EXTRACTED INFORMATION ::
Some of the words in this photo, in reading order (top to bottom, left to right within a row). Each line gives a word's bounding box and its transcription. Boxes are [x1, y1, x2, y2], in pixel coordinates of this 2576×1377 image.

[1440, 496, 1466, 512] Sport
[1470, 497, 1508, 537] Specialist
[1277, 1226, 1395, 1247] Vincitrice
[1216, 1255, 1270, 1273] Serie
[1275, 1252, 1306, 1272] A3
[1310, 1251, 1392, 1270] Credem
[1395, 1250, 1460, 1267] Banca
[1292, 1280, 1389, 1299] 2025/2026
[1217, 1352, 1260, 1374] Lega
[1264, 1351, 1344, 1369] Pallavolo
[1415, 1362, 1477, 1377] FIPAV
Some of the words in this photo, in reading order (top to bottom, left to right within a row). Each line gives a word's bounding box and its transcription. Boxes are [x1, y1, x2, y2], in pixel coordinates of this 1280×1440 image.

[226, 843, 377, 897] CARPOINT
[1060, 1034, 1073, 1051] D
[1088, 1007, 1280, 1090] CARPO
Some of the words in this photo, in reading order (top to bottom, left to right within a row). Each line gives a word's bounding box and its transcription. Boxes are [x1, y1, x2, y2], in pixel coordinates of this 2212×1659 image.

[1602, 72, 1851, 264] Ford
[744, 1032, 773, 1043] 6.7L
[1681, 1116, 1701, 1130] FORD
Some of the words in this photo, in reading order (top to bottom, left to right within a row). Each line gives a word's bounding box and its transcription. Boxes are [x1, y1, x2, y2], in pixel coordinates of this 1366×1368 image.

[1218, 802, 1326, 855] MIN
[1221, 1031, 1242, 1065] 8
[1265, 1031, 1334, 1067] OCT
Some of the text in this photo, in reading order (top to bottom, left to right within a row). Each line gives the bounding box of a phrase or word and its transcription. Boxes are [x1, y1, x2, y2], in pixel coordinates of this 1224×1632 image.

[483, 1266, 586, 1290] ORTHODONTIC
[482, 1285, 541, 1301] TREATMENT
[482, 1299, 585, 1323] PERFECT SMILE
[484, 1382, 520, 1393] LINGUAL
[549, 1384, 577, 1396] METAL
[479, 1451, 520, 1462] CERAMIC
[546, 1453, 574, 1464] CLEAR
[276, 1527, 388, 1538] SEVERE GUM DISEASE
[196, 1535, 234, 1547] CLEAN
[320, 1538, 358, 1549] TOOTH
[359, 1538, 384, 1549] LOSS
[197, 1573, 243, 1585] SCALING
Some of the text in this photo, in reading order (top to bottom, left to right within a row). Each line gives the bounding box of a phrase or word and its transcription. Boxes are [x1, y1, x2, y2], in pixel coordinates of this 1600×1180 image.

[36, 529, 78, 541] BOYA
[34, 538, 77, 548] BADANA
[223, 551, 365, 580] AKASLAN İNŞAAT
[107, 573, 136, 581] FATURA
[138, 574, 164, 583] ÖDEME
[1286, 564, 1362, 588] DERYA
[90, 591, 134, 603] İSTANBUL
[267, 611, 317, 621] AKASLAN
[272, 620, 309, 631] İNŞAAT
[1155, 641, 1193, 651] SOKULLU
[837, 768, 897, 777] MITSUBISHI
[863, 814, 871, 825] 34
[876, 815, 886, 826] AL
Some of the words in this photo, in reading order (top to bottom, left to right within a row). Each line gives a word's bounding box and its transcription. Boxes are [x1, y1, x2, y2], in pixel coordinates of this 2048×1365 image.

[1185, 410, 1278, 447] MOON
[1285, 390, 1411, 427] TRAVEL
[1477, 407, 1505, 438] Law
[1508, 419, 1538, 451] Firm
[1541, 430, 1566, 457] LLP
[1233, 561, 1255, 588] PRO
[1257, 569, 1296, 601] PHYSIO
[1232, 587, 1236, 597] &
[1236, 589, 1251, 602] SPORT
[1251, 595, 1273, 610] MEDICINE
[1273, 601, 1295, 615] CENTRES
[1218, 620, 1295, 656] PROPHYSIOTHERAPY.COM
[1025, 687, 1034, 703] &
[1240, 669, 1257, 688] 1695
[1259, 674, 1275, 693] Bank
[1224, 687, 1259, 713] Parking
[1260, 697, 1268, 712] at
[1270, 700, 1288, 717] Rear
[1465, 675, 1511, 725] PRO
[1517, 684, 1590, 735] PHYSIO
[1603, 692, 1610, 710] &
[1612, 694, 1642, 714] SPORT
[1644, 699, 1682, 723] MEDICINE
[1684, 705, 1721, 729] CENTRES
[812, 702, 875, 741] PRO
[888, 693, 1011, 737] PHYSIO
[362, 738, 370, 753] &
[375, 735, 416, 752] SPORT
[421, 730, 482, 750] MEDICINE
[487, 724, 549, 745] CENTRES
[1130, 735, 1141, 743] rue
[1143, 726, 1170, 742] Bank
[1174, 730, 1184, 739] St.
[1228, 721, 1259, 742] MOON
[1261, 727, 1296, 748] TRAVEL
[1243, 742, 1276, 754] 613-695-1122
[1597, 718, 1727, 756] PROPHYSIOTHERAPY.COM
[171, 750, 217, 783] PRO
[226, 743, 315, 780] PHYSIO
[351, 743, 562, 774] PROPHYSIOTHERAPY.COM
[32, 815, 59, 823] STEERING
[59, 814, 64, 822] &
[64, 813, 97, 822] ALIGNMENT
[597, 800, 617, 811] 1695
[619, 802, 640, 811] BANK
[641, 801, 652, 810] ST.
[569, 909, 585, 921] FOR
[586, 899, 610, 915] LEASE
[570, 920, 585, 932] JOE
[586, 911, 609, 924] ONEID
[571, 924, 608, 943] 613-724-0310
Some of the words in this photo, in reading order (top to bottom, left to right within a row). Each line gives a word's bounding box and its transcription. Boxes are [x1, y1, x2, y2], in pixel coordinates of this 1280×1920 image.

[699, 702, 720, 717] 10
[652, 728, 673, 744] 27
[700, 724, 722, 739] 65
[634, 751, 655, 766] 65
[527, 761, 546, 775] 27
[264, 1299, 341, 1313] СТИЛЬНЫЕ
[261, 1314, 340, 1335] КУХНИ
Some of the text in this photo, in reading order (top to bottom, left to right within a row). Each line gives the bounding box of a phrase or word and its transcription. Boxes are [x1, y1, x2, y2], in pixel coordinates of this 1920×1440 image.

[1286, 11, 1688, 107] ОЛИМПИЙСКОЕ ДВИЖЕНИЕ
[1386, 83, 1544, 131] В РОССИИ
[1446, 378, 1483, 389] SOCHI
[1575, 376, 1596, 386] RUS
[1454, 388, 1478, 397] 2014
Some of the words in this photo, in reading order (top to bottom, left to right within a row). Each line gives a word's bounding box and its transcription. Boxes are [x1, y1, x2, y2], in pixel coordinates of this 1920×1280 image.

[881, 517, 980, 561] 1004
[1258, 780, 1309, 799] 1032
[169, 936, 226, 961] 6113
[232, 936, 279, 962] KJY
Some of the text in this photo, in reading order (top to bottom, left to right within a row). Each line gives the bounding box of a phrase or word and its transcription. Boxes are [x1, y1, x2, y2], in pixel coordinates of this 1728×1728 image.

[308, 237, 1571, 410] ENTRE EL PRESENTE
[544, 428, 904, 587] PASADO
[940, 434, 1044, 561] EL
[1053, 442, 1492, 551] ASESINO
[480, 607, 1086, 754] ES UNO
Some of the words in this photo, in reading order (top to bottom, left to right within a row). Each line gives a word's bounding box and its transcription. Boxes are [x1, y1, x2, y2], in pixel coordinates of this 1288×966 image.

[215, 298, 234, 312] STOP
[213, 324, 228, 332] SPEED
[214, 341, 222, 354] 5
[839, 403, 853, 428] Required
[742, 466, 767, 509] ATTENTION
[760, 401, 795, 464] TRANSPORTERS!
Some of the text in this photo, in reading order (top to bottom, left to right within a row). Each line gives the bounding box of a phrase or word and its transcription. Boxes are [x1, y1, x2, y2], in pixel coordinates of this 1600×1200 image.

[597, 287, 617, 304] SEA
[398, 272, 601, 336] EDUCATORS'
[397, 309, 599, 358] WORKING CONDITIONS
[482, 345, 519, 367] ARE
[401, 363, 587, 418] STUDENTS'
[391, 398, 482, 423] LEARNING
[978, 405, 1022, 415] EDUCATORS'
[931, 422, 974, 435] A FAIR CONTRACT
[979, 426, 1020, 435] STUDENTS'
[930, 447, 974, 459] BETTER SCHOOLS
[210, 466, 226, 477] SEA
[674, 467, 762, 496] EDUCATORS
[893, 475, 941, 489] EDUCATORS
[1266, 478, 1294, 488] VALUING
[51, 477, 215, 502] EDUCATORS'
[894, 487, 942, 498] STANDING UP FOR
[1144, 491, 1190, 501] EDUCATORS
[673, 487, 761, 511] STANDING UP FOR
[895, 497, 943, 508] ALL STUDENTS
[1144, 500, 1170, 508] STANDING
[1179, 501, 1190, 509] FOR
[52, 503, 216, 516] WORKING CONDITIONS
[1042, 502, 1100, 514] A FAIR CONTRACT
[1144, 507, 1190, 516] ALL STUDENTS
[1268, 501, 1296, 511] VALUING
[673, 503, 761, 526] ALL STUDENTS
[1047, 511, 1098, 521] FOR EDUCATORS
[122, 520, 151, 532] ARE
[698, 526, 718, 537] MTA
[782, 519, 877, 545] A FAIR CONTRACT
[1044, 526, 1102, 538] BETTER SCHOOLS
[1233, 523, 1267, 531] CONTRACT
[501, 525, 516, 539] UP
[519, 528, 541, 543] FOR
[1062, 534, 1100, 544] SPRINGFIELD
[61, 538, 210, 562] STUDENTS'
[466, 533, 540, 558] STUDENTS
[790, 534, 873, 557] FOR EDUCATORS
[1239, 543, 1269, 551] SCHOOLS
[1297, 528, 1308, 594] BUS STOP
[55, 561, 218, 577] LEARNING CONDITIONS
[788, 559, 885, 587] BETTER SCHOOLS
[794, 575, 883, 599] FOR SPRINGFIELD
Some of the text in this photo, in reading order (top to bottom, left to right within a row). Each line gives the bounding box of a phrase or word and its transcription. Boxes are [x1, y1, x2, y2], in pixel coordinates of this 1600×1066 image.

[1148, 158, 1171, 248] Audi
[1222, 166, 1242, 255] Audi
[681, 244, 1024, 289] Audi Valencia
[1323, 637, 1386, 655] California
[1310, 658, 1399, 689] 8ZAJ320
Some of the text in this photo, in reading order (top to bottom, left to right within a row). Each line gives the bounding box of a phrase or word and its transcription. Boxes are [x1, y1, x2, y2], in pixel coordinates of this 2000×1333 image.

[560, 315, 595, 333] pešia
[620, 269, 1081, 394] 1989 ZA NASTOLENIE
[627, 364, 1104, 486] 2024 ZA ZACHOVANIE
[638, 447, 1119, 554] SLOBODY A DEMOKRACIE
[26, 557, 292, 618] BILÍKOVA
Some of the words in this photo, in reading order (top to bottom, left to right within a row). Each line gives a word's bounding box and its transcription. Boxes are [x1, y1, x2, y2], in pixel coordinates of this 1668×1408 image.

WORK ORDER :: Include in the answer nothing but an exact repetition of the lines from the one with "this 2000×1333 image." through the end of the material.

EXERCISE ANSWER ::
Some of the text in this photo, in reading order (top to bottom, left to right within a row). Each line gives the bounding box of a phrase or word and its transcription. Boxes are [x1, y1, x2, y2], in pixel coordinates of this 2000×1333 image.

[560, 315, 595, 333] pešia
[620, 269, 1081, 394] 1989 ZA NASTOLENIE
[627, 364, 1104, 486] 2024 ZA ZACHOVANIE
[638, 447, 1119, 554] SLOBODY A DEMOKRACIE
[26, 557, 292, 618] BILÍKOVA
Some of the words in this photo, in reading order (top to bottom, left to right within a row). Each line gives a word's bounding box and its transcription. Boxes are [x1, y1, x2, y2], in pixel coordinates of this 1668×1408 image.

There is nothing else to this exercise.